The result should be a word-for-word retyping of the entries below, free of pictures.

***** THE DATA *****

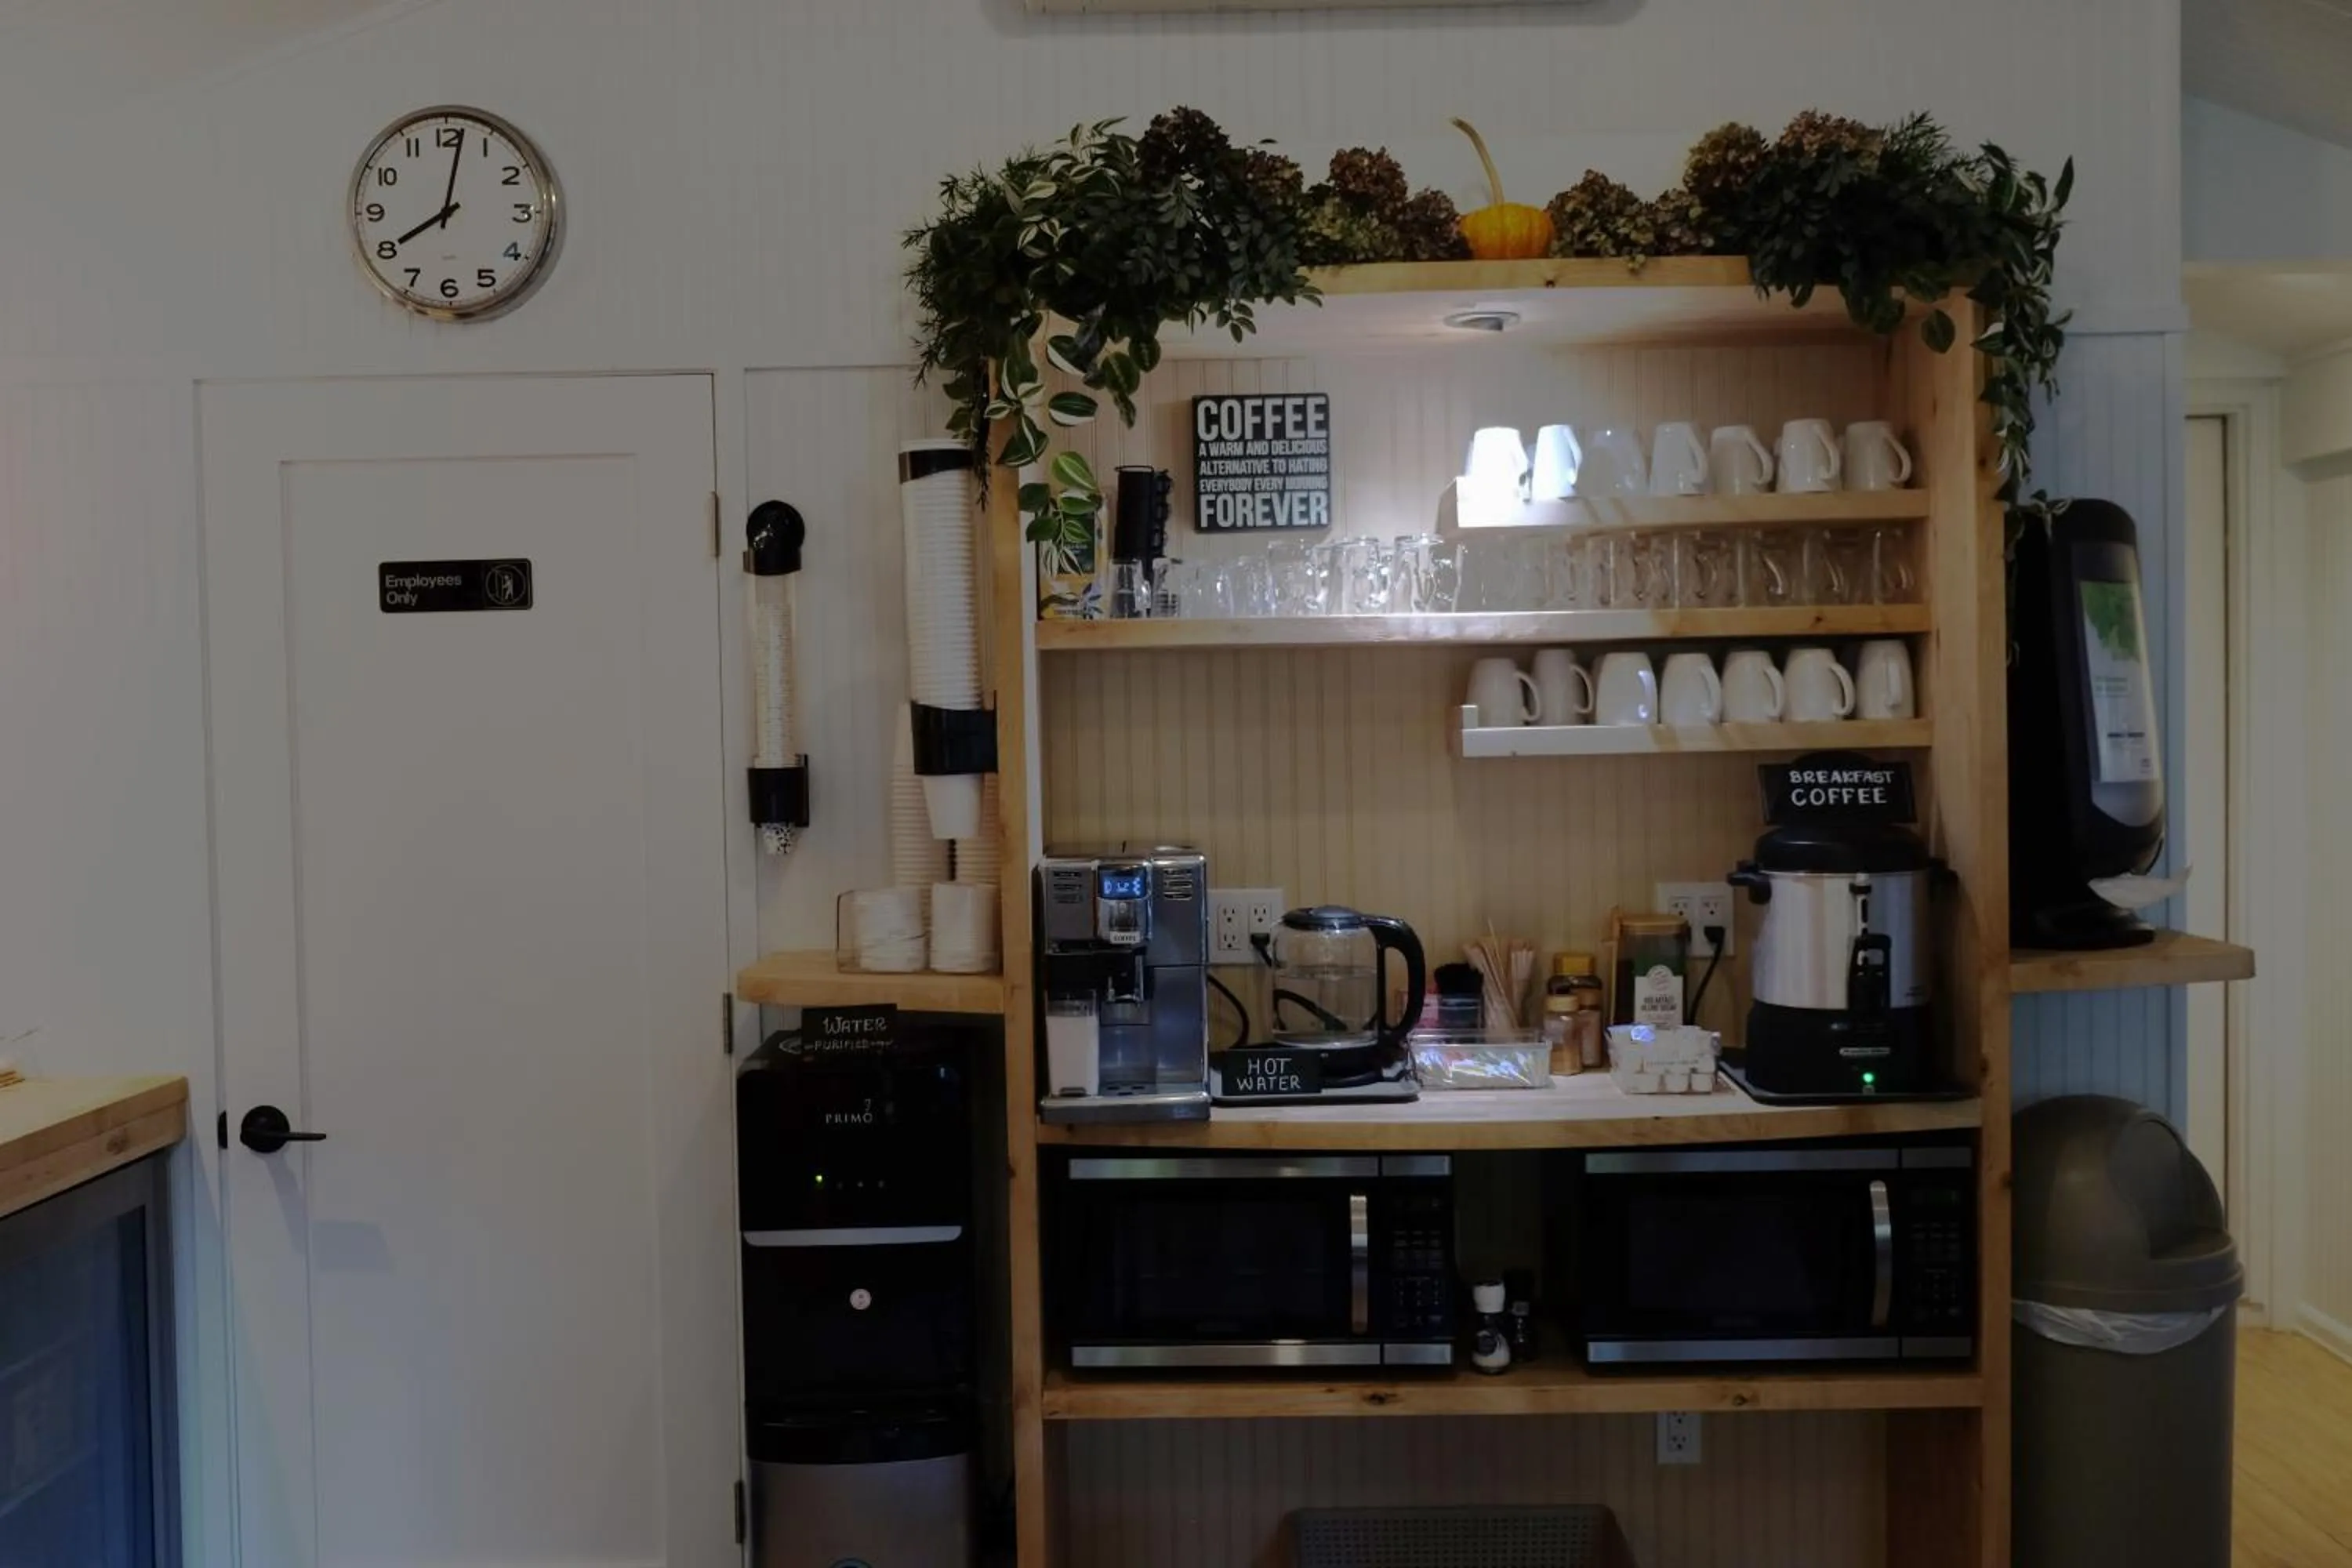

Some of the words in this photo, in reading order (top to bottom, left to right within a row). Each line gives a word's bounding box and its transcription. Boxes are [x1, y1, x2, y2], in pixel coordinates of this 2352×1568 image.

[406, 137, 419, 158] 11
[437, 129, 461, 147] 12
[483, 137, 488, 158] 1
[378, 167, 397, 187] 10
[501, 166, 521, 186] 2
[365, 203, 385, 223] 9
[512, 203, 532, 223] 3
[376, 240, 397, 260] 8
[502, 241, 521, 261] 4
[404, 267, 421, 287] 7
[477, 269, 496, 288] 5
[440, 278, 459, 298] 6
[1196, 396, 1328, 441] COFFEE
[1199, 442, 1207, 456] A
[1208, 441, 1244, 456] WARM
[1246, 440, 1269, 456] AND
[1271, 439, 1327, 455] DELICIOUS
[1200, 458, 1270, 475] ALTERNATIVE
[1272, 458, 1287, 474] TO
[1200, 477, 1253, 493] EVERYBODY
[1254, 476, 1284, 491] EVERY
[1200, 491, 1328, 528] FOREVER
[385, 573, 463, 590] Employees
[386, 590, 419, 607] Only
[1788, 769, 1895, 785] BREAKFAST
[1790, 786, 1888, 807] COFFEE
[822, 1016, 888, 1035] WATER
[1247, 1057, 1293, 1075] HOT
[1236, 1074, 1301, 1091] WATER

*****

ANSWER BOX.
Some of the words in this photo, in reading order (top to bottom, left to right within a row). Each line gives a word's bounding box and its transcription. Boxes are [x1, y1, x2, y2], in pixel coordinates of this 2352×1568 image.

[406, 137, 419, 158] 11
[437, 129, 461, 147] 12
[483, 137, 488, 158] 1
[378, 167, 397, 187] 10
[501, 166, 521, 186] 2
[365, 203, 385, 223] 9
[512, 203, 532, 223] 3
[376, 240, 397, 260] 8
[502, 241, 521, 261] 4
[404, 267, 421, 287] 7
[477, 269, 496, 288] 5
[440, 278, 459, 298] 6
[1196, 396, 1328, 441] COFFEE
[1199, 442, 1207, 456] A
[1208, 441, 1244, 456] WARM
[1246, 440, 1269, 456] AND
[1271, 439, 1327, 455] DELICIOUS
[1200, 458, 1270, 475] ALTERNATIVE
[1272, 458, 1287, 474] TO
[1200, 477, 1253, 493] EVERYBODY
[1254, 476, 1284, 491] EVERY
[1200, 491, 1328, 528] FOREVER
[385, 573, 463, 590] Employees
[386, 590, 419, 607] Only
[1788, 769, 1895, 785] BREAKFAST
[1790, 786, 1888, 807] COFFEE
[822, 1016, 888, 1035] WATER
[1247, 1057, 1293, 1075] HOT
[1236, 1074, 1301, 1091] WATER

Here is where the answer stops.